Comments (3)
Dear Thomas,
Thank you for the interest in this toobox. We list our replies for each question below.
- The weakness of THR. Yes, THR can achieve excellent performance in the average size. However, it generally perform bad in conditional coverage, as shown in Table 11 of RAPS [1]. In addition, the introduction of conformal prediction (CP) [2] gives a detailed discussion of THR.
- "Naive" method. We cannot find the "naive" word in the paper [3]. As presented in README.md, we provide the list of implementations and their papers in the table. The method of paper [3] is implemented as "classification.predictors.cluster". The "classification.scores.margin" correspondings to the paper [4].

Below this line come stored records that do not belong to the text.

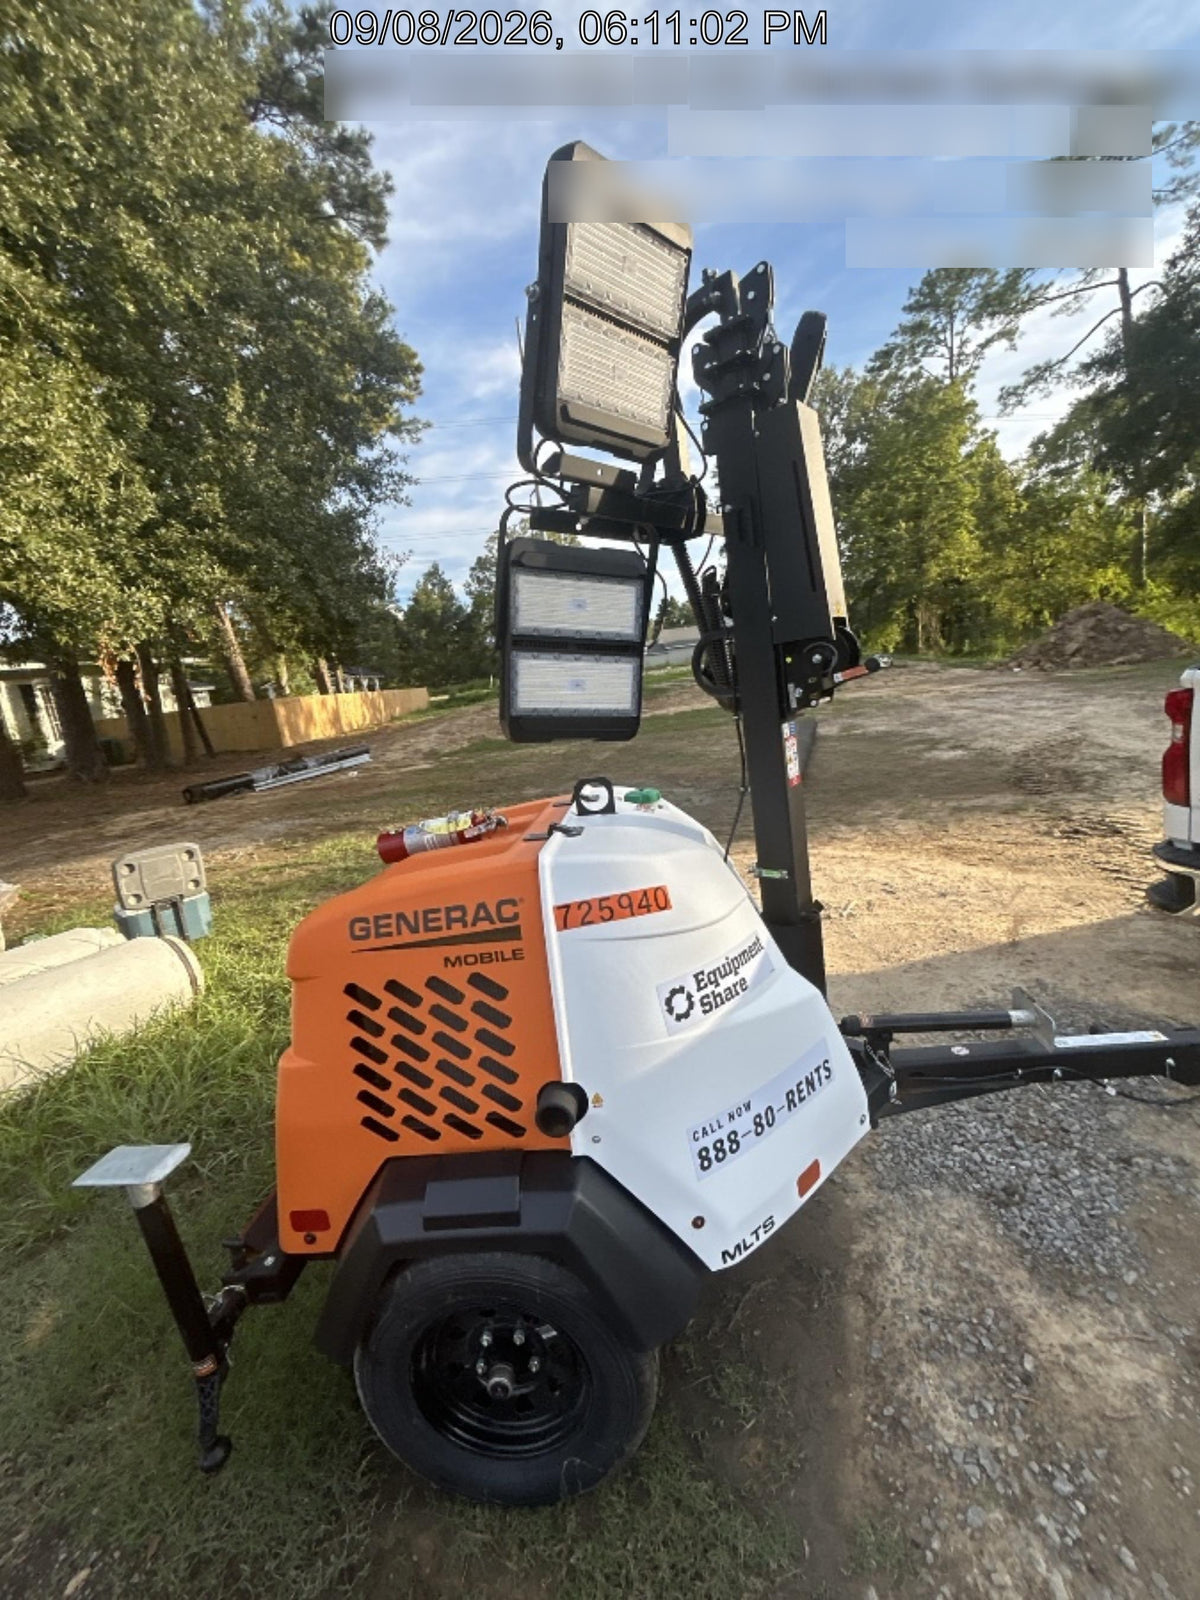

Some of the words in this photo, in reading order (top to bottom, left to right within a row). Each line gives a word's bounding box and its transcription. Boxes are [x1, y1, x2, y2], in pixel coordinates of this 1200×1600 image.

[349, 898, 520, 941] GENERAC
[555, 886, 669, 929] 725940
[443, 949, 525, 968] MOBILE
[693, 936, 764, 993] Equipment
[699, 976, 749, 1016] Share
[692, 1120, 724, 1143] CALL
[727, 1099, 752, 1122] NOW
[697, 1058, 833, 1172] 888-80-RENTS
[720, 1215, 776, 1264] MLTS
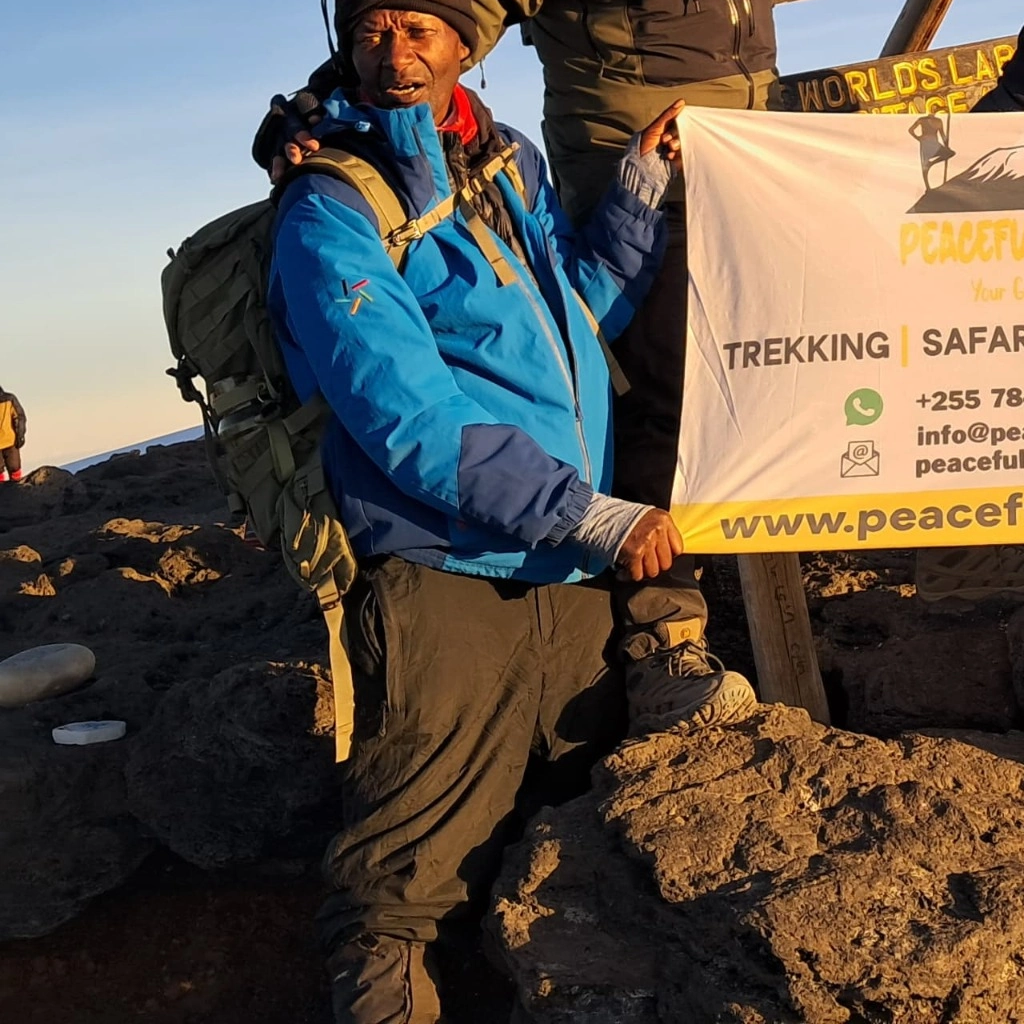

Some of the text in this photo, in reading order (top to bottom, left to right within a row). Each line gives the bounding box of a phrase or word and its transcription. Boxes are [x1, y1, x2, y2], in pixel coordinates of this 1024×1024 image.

[971, 277, 1006, 303] Your
[723, 331, 890, 370] TREKKING
[916, 389, 981, 411] +255
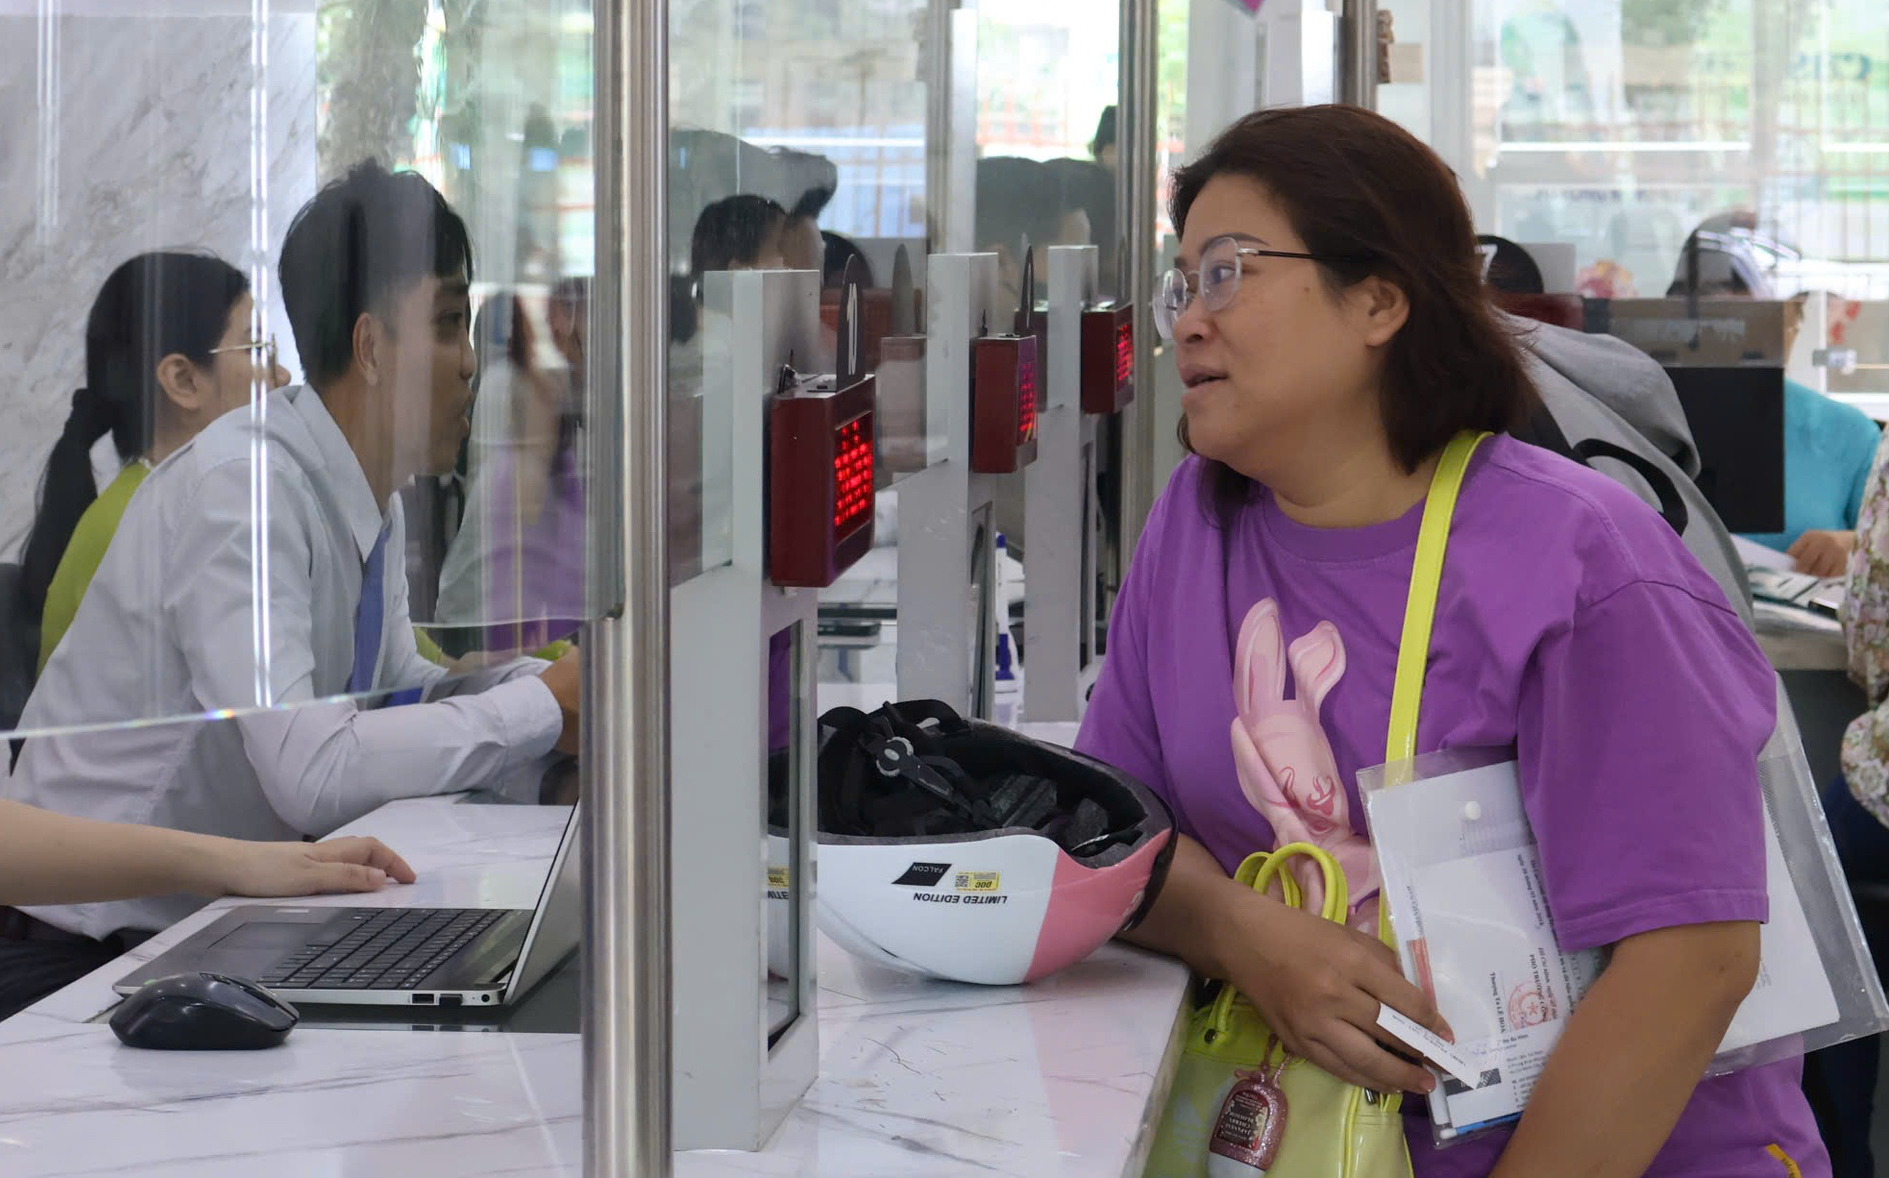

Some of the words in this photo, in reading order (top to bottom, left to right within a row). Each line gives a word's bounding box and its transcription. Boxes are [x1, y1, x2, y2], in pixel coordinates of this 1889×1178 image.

[913, 865, 944, 873] FALCON
[914, 893, 960, 903] EDITION
[963, 895, 1007, 904] LIMITED
[1229, 1118, 1251, 1128] CHERRY
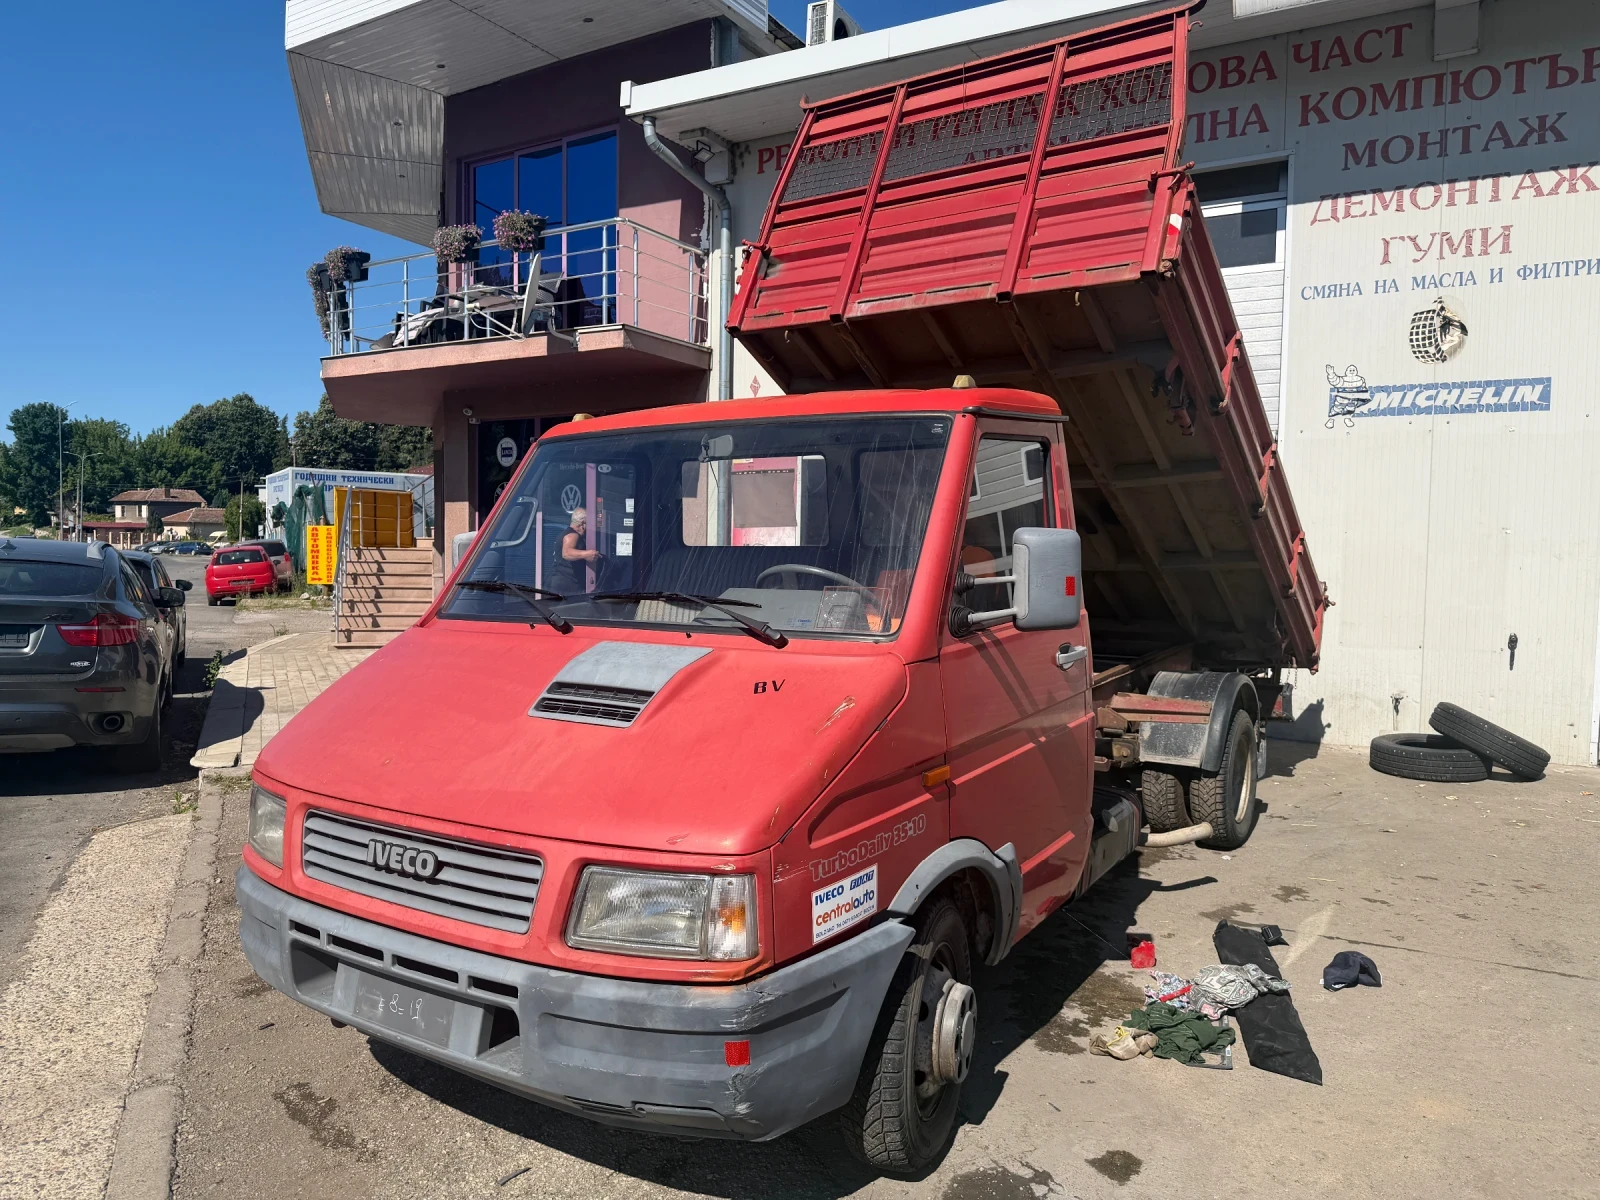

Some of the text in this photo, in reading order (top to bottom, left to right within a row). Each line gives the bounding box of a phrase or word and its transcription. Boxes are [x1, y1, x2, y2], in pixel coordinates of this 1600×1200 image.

Please let us know if you have any more questions.
Best regards,
authors
[1] Uncertainty Sets for Image Classifiers using Conformal Prediction
[2] A Gentle Introduction to Conformal Prediction and Distribution-Free Uncertainty Quantification
[3] Class-Conditional Conformal Prediction with Many Classes
[4] Bias reduction through conditional conformal prediction
from torchcp.
Thanks for the detailed answers and providing helpful resources.
I will include "SSCV" then in my experiments. As a side note, it would be really cool if the metrics contained references as well.
Also, I unfortunately messed up the references. "naive" was in the RAPS paper aswell.
I however don't think it is Margin.
Best regards,
Thomas
from torchcp.
Dear Thomas,
Sorry for the late response. "naive" presented in Raps is not included in TorchCP.
Additionally, we have updated the references for the metrics. We hope this assists you in your research.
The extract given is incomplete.